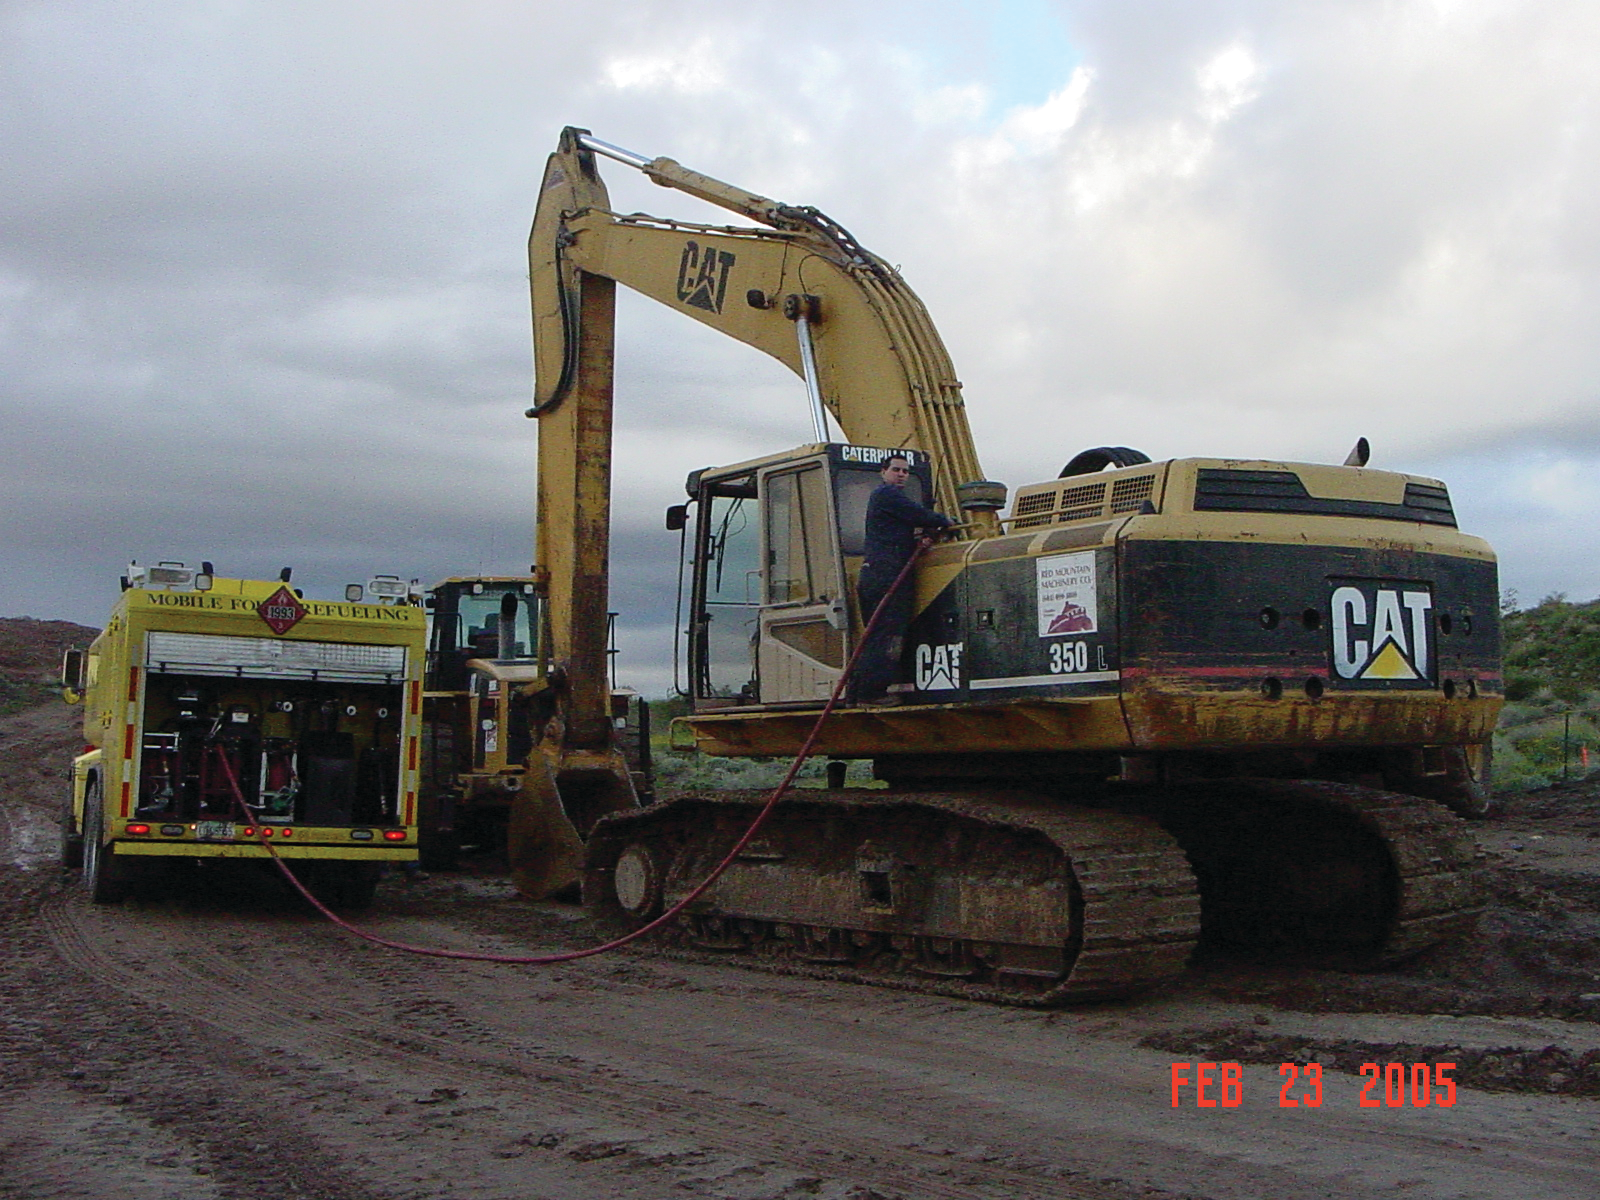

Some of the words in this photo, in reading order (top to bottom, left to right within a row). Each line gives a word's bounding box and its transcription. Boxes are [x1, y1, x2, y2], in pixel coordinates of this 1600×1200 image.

[676, 240, 736, 315] CAT
[147, 593, 222, 610] MOBILE
[231, 599, 260, 611] FO
[302, 604, 409, 620] REFUELING
[270, 607, 294, 619] 1993
[1331, 586, 1432, 679] CAT
[916, 642, 963, 690] CAT
[1049, 641, 1088, 674] 350
[1097, 645, 1108, 670] L
◆ ◆ ◆ ◆ ◆
EXERCISE PROMPT:
Print the material above once more, exactly, minus the pictures.

RESULT OF THIS EXERCISE:
Some of the words in this photo, in reading order (top to bottom, left to right within a row). Each line gives a word's bounding box and its transcription. Boxes are [x1, y1, x2, y2], in pixel coordinates of this 1600×1200 image.

[676, 240, 736, 315] CAT
[147, 593, 222, 610] MOBILE
[231, 599, 260, 611] FO
[302, 604, 409, 620] REFUELING
[270, 607, 294, 619] 1993
[1331, 586, 1432, 679] CAT
[916, 642, 963, 690] CAT
[1049, 641, 1088, 674] 350
[1097, 645, 1108, 670] L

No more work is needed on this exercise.